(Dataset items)
--*--

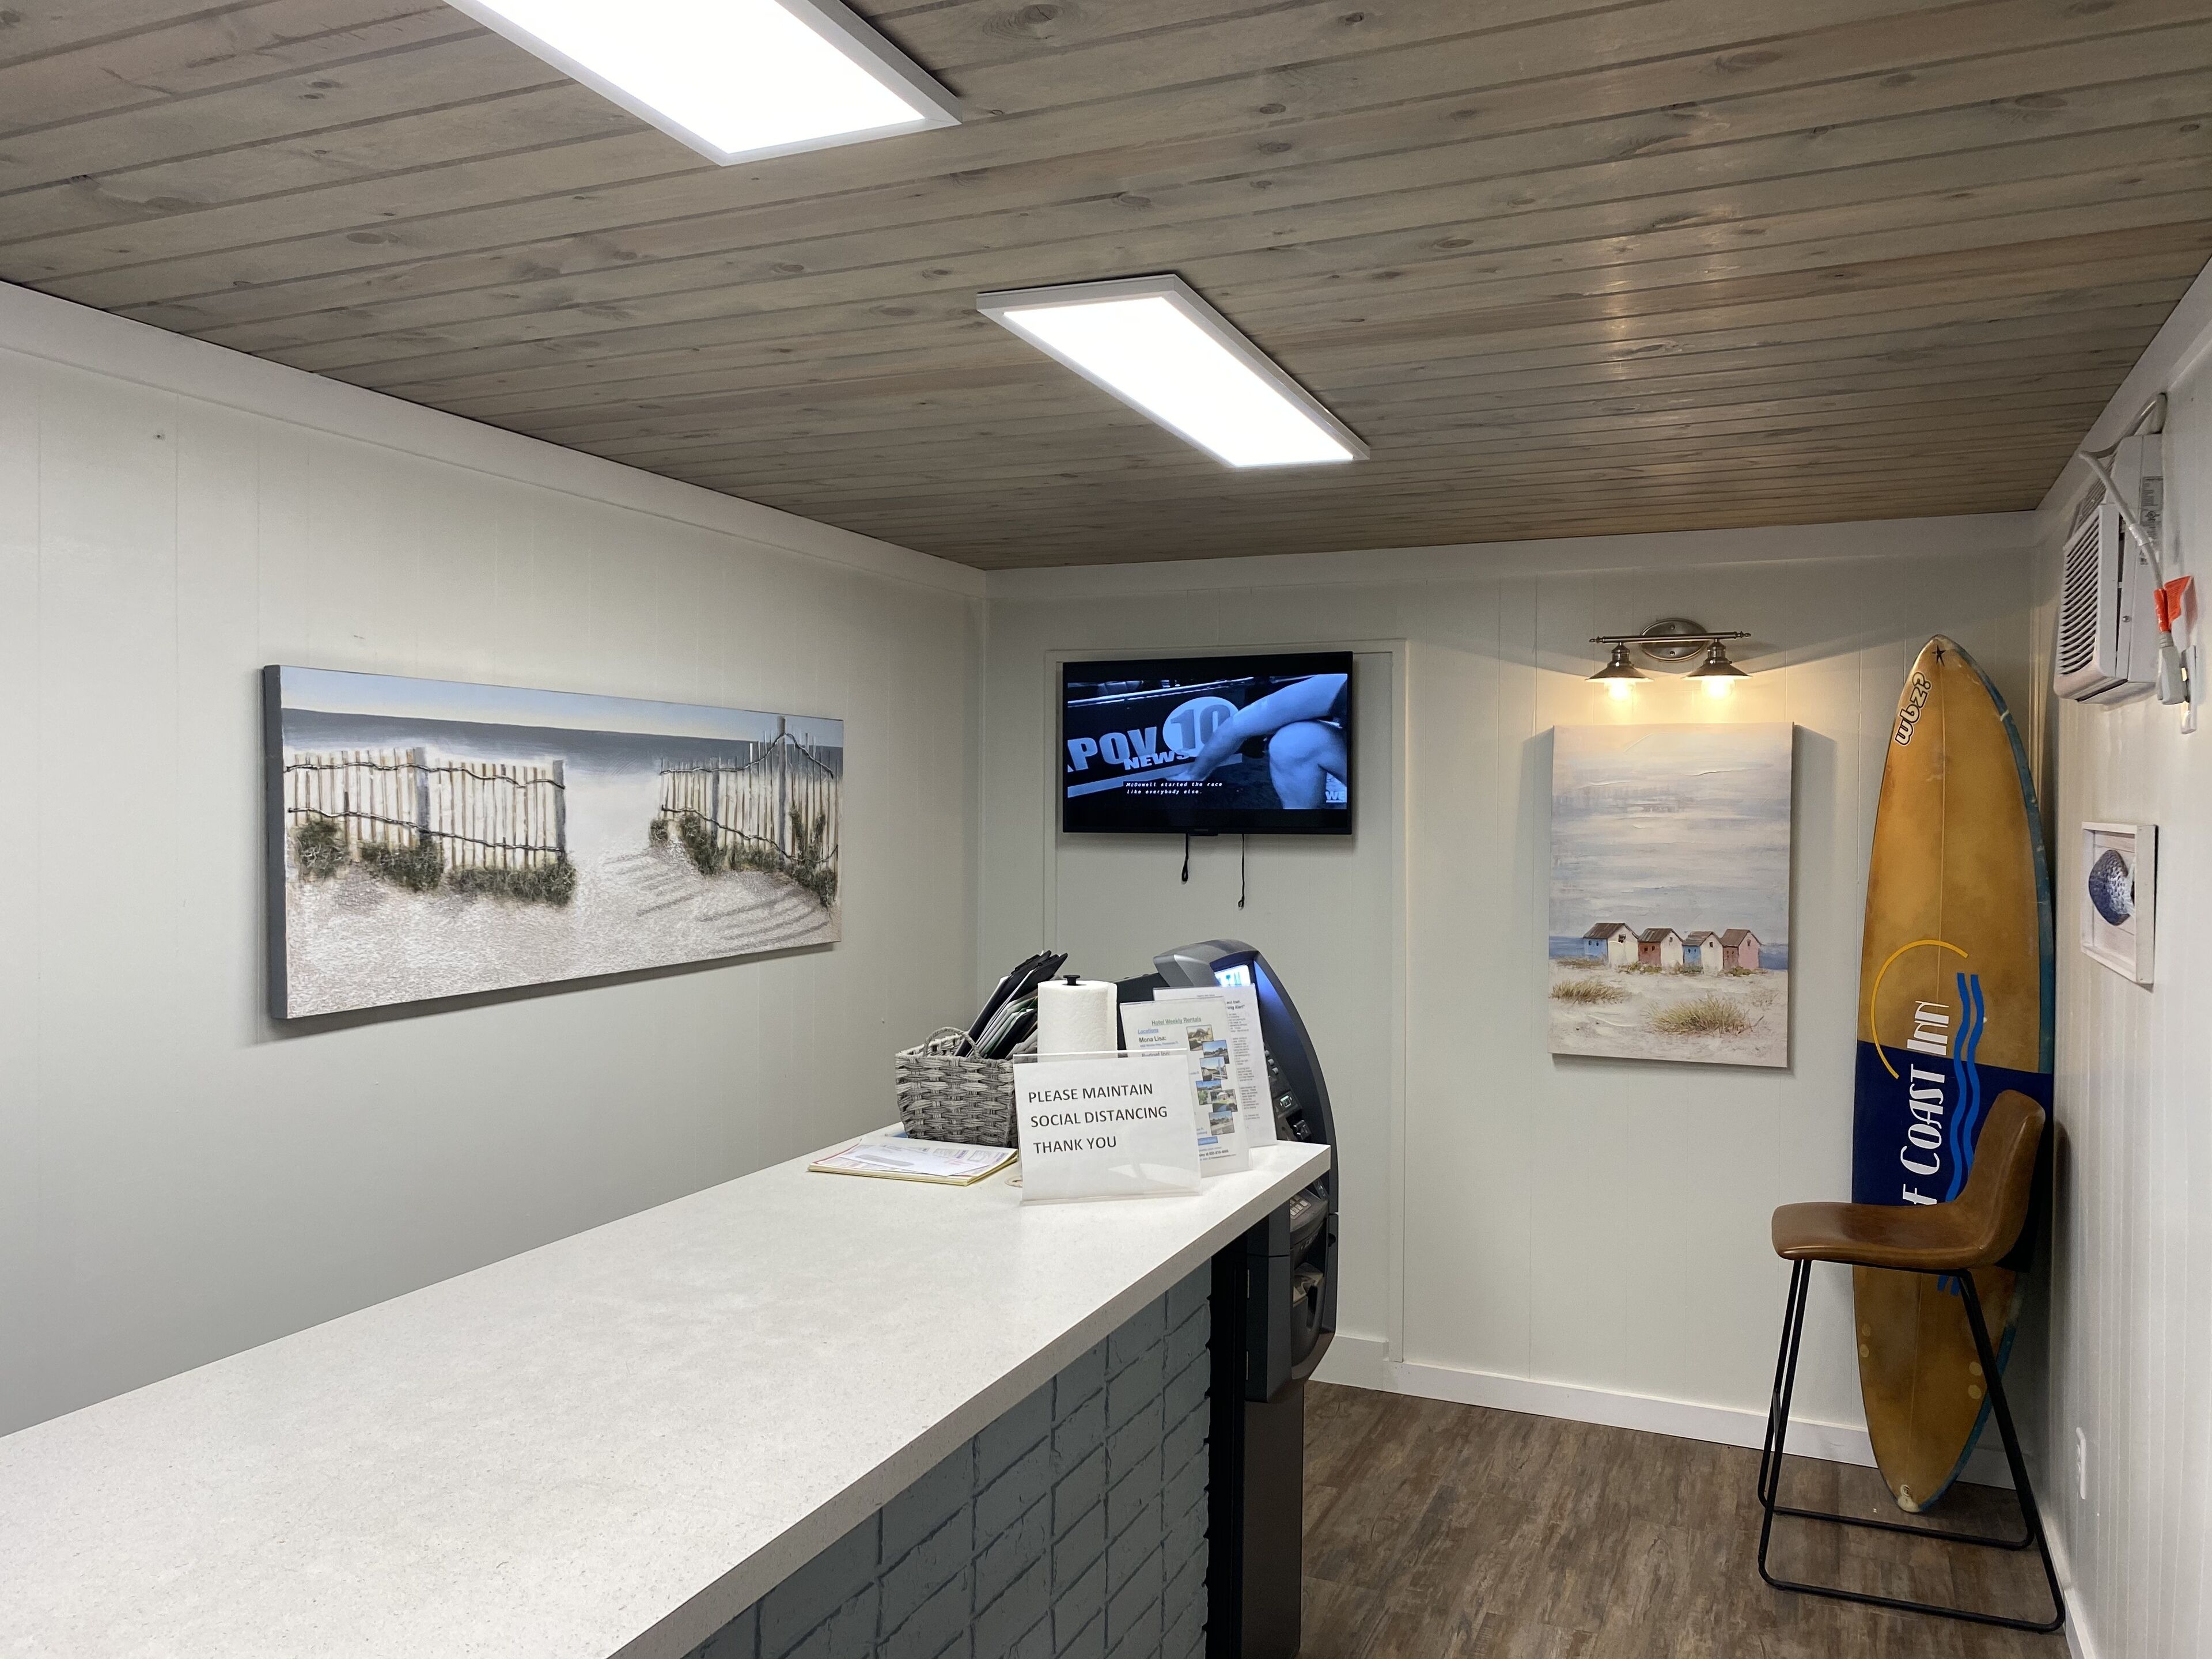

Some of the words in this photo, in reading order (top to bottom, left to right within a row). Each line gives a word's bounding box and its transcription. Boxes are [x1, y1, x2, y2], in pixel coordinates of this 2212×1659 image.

[1170, 704, 1231, 749] 10
[1067, 726, 1157, 772] POV
[1123, 750, 1190, 771] NEWS
[1029, 1089, 1078, 1103] PLEASE
[1082, 1083, 1153, 1099] MAINTAIN
[1031, 1113, 1081, 1127] SOCIAL
[1085, 1106, 1168, 1123] DISTANCING
[1900, 1063, 1945, 1175] COAST
[1033, 1139, 1083, 1154] THANK
[1086, 1136, 1117, 1149] YOU
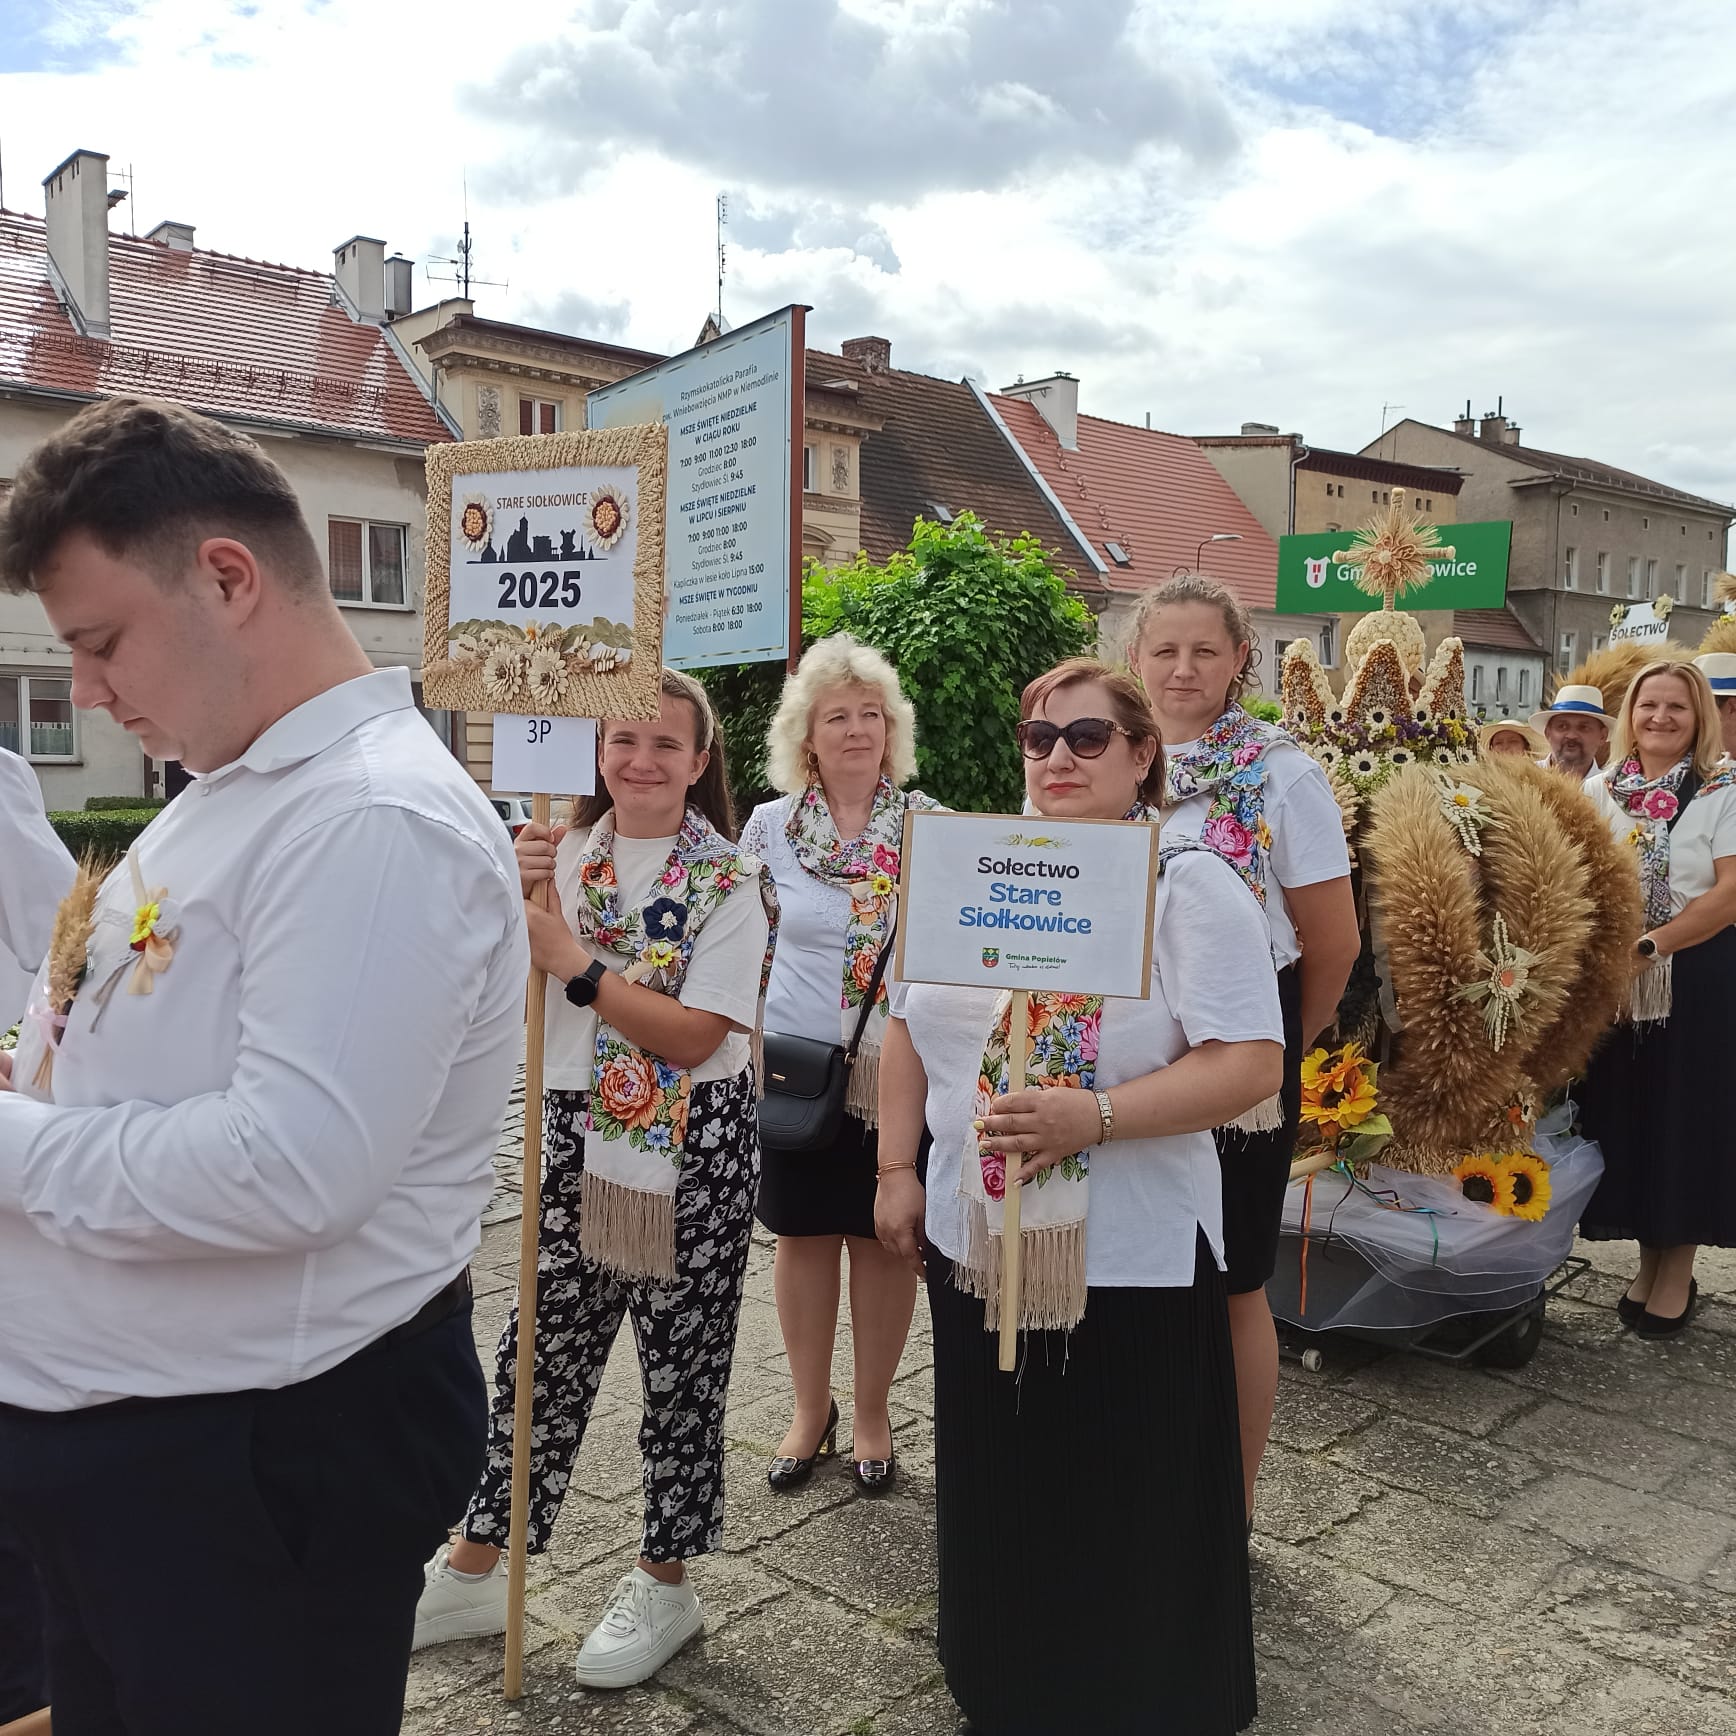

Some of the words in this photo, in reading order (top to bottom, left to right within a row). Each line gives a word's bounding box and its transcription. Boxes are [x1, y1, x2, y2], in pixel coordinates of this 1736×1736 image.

[673, 396, 717, 418] Wniebowzięcia
[717, 389, 733, 402] NMP
[733, 387, 740, 396] w
[740, 371, 779, 393] Niemodlinie
[680, 373, 734, 402] Rzymskokatolicka
[735, 364, 758, 381] Parafia
[680, 423, 696, 437] MSZE
[696, 414, 720, 431] ŚWIĘTE
[720, 402, 757, 421] NIEDZIELNE
[695, 436, 702, 445] W
[702, 429, 721, 443] CIĄGU
[722, 422, 741, 436] ROKU
[680, 457, 692, 469] 7:00
[694, 452, 707, 464] 9:00
[709, 447, 723, 459] 11:00
[723, 442, 738, 455] 12:30
[741, 436, 757, 450] 18:00
[698, 463, 722, 477] Grodziec
[723, 457, 737, 470] 8:00
[730, 469, 744, 482] 9:45
[496, 496, 525, 510] STARE
[526, 492, 588, 509] SIOŁKOWICE
[680, 501, 696, 513] MSZE
[696, 495, 719, 509] ŚWIĘTE
[720, 484, 757, 504] NIEDZIELNE
[688, 515, 695, 525] W
[696, 511, 713, 523] LIPCU
[718, 502, 747, 518] SIERPNIU
[688, 532, 700, 544] 7:00
[702, 529, 715, 540] 9:00
[716, 525, 729, 537] 11:00
[732, 521, 748, 533] 18:00
[698, 543, 722, 555] Grodziec
[723, 538, 737, 550] 8:00
[730, 551, 743, 562] 9:45
[674, 576, 698, 589] Kapliczka
[704, 573, 718, 583] lesie
[718, 570, 731, 580] koło
[731, 568, 748, 579] Lipna
[748, 563, 764, 575] 15:00
[497, 571, 582, 609] 2025
[679, 594, 694, 605] MSZE
[695, 590, 717, 603] ŚWIĘTE
[718, 589, 725, 599] W
[726, 583, 758, 597] TYGODNIU
[675, 610, 709, 623] Poniedziałek
[713, 607, 731, 619] Piątek
[731, 605, 744, 616] 6:30
[746, 602, 763, 613] 18:00
[692, 625, 712, 635] Sobota
[712, 622, 725, 632] 8:00
[727, 619, 743, 630] 18:00
[1611, 622, 1667, 641] SOŁECTWO
[527, 720, 551, 743] 3P
[977, 857, 1080, 879] Sołectwo
[989, 883, 1062, 906] Stare
[959, 907, 1092, 935] Siołkowice
[1005, 953, 1030, 962] Gmina
[1031, 955, 1067, 964] Popielów

--*--

▸ **Problem statement**: Set down the data exactly as it appears, without any images.

▸ **Result**:
Some of the words in this photo, in reading order (top to bottom, left to right within a row). Each line gives a word's bounding box and its transcription. Boxes are [x1, y1, x2, y2], in pixel coordinates of this 2212×1659 image.

[1170, 704, 1231, 749] 10
[1067, 726, 1157, 772] POV
[1123, 750, 1190, 771] NEWS
[1029, 1089, 1078, 1103] PLEASE
[1082, 1083, 1153, 1099] MAINTAIN
[1031, 1113, 1081, 1127] SOCIAL
[1085, 1106, 1168, 1123] DISTANCING
[1900, 1063, 1945, 1175] COAST
[1033, 1139, 1083, 1154] THANK
[1086, 1136, 1117, 1149] YOU

Some of the words in this photo, in reading order (top to bottom, left to right within a row). Each line gives a word's bounding box and its transcription. Boxes are [x1, y1, x2, y2], in pixel coordinates of this 1736×1736 image.

[673, 396, 717, 418] Wniebowzięcia
[717, 389, 733, 402] NMP
[733, 387, 740, 396] w
[740, 371, 779, 393] Niemodlinie
[680, 373, 734, 402] Rzymskokatolicka
[735, 364, 758, 381] Parafia
[680, 423, 696, 437] MSZE
[696, 414, 720, 431] ŚWIĘTE
[720, 402, 757, 421] NIEDZIELNE
[695, 436, 702, 445] W
[702, 429, 721, 443] CIĄGU
[722, 422, 741, 436] ROKU
[680, 457, 692, 469] 7:00
[694, 452, 707, 464] 9:00
[709, 447, 723, 459] 11:00
[723, 442, 738, 455] 12:30
[741, 436, 757, 450] 18:00
[698, 463, 722, 477] Grodziec
[723, 457, 737, 470] 8:00
[730, 469, 744, 482] 9:45
[496, 496, 525, 510] STARE
[526, 492, 588, 509] SIOŁKOWICE
[680, 501, 696, 513] MSZE
[696, 495, 719, 509] ŚWIĘTE
[720, 484, 757, 504] NIEDZIELNE
[688, 515, 695, 525] W
[696, 511, 713, 523] LIPCU
[718, 502, 747, 518] SIERPNIU
[688, 532, 700, 544] 7:00
[702, 529, 715, 540] 9:00
[716, 525, 729, 537] 11:00
[732, 521, 748, 533] 18:00
[698, 543, 722, 555] Grodziec
[723, 538, 737, 550] 8:00
[730, 551, 743, 562] 9:45
[674, 576, 698, 589] Kapliczka
[704, 573, 718, 583] lesie
[718, 570, 731, 580] koło
[731, 568, 748, 579] Lipna
[748, 563, 764, 575] 15:00
[497, 571, 582, 609] 2025
[679, 594, 694, 605] MSZE
[695, 590, 717, 603] ŚWIĘTE
[718, 589, 725, 599] W
[726, 583, 758, 597] TYGODNIU
[675, 610, 709, 623] Poniedziałek
[713, 607, 731, 619] Piątek
[731, 605, 744, 616] 6:30
[746, 602, 763, 613] 18:00
[692, 625, 712, 635] Sobota
[712, 622, 725, 632] 8:00
[727, 619, 743, 630] 18:00
[1611, 622, 1667, 641] SOŁECTWO
[527, 720, 551, 743] 3P
[977, 857, 1080, 879] Sołectwo
[989, 883, 1062, 906] Stare
[959, 907, 1092, 935] Siołkowice
[1005, 953, 1030, 962] Gmina
[1031, 955, 1067, 964] Popielów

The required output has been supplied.